Dès l'année 1585, les princes d'Allemagne lui avaient fait remettre, par M. de Ségur-Pardaillan, un livre portant le titre de Concorde (Concordiæ liber)... Il n'y répondit qu'au mois de février 1589, et donna à entendre, ce qui était vrai, que les calvinistes français ne pouvaient s'accommoder, sans de nombreuses restrictions, de ce symbole de foi, auquel la plupart des docteurs de la Réforme en France refusèrent finalement leur adhésion. (Pages [173]-[189]-[193].)
[XXV.]
Le duc d'Epernon s'attacha d'abord au duc d'Anjou (plus tard Henri III), puis, pendant quelque temps, au roi de Navarre, et s'introduisit à la cour, où il devint un des mignons de Henri III, qui le combla d'honneurs et de richesses. Outre des sommes énormes, il reçut de lui les gouvernements des Trois-Evêchés, du Bourbonnais, de l'Angoumois, de la Saintonge, de l'Aunis, de la Touraine, de l'Anjou et de la Normandie, la charge de colonel-général de l'infanterie en 1581 et celle d'amiral, qu'il céda à son frère Bernard. Disgracié en 1588 et exilé à Loches, il rentra en faveur l'année suivante. Après la mort de Henri III, il refusa de servir Henri IV, et, se retirant avec une partie de l'armée, il mit le roi dans l'obligation de lever le siège de Paris. Plus tard, ayant fait sa soumission, il se montra le plus hautain et le plus turbulent des grands officiers de la couronne. Henri IV eut la faiblesse de recevoir plusieurs fois en grâce cet orgueilleux vassal. On sait que, comme gouverneur de Guienne en 1622, il s'y rendit odieux et eut de violents démêlés avec le parlement de Bordeaux et l'archevêque de Sourdis, qu'il osa bâtonner, mais à qui il fut obligé, l'année suivante, de demander pardon. Quand on étudie la vie et le caractère du duc d'Epernon, il est presque impossible d'y trouver un acte ou un trait qui ne mérite la réprobation générale. (Page [184].)
[XXVI.]
La déclaration qui fut publiée par le cardinal de Bourbon était datée de Péronne et du dernier jour de mars 1585. «C'était lui, dit le Père Daniel, qui parlait dans cet écrit. Il s'y intitulait premier prince du sang, comme il avait déjà fait au traité de Joinville, quoique cette qualité appartînt au roi de Navarre. Il insinuait que la succession à la couronne le regardait. Il y donnait aux ducs de Lorraine et de Guise le titre de lieutenants-généraux de la Ligue. Il y nommait, parmi les associés, outre les autres princes de la Maison de Lorraine, de Guise et de Vaudemont, le cardinal de Vendôme et les ducs de Nemours et de Nevers; et ce qui paraît le plus surprenant, mais ce qui marque, en même temps, combien les intrigues des ligueurs étaient étendues, c'est qu'à la tête de la déclaration on mit une liste de ceux qui entraient dans l'association, où l'on voyait le pape, l'empereur, les princes de la Maison d'Autriche, le roi d'Espagne, etc. Cette liste avait de quoi imposer au peuple et effrayer le roi; car il n'était pas vraisemblable que la Ligue eût osé s'autoriser de tant et de si grands noms, si toutes les puissances dont elle se faisait fort n'y avaient elles-mêmes consenti.

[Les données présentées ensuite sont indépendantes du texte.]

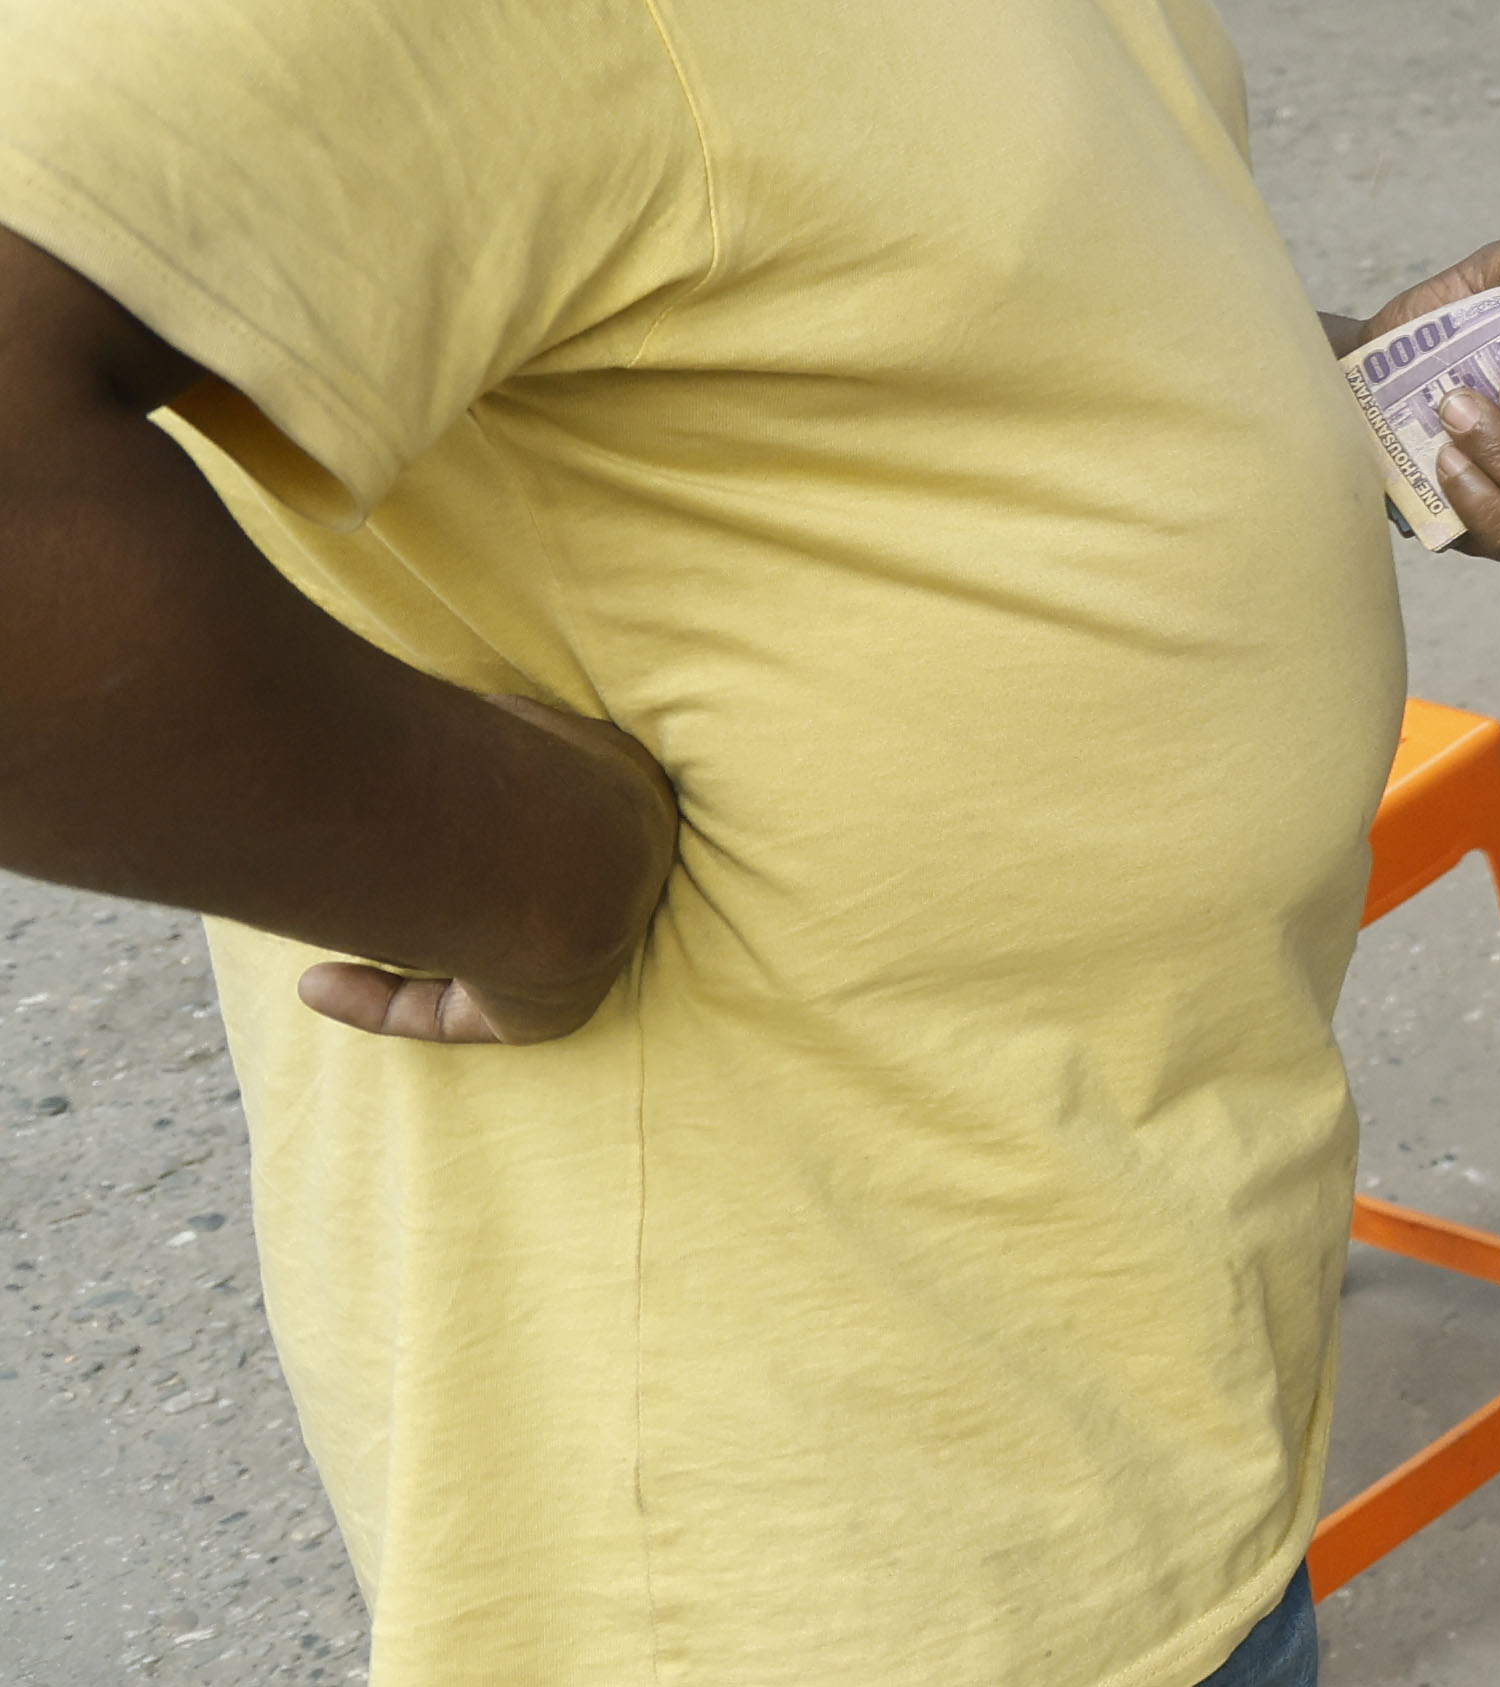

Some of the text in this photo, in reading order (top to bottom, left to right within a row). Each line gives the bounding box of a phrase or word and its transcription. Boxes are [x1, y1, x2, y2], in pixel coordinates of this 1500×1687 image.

[1362, 315, 1459, 384] 1000
[1366, 406, 1425, 486] THOUSAND
[1416, 480, 1445, 516] ONE

«Le premier et le principal motif exprimé dans la déclaration était que, le roi n'ayant pas d'enfant, on était menacé du danger d'avoir en France pour roi un prince hérétique et relaps, quoique le serment de nos rois à leur couronnement les obligeât à maintenir sur toute chose la religion catholique dans le royaume. On y ajoutait le refus des huguenots de rendre les villes de sûreté, leurs pratiques auprès des princes protestants d'Allemagne, les charges ou les fonctions ôtées aux seigneurs catholiques bien intentionnés pour la religion; les moyens dont on se servait afin d'obliger les gouverneurs des places ennemies des huguenots à se défaire de leurs gouvernements pour de l'argent; l'insatiable avarice des favoris; la multitude des nouveaux impôts; l'accablement et l'oppression de tous les ordres de l'Etat, et enfin l'inutilité du dessein formé aux Etats de Blois, de ne souffrir aucune autre religion dans le royaume que la catholique, dessein qui s'était évanoui par la damnable politique de ceux qui gouvernaient le roi et le royaume.» (Page [190].)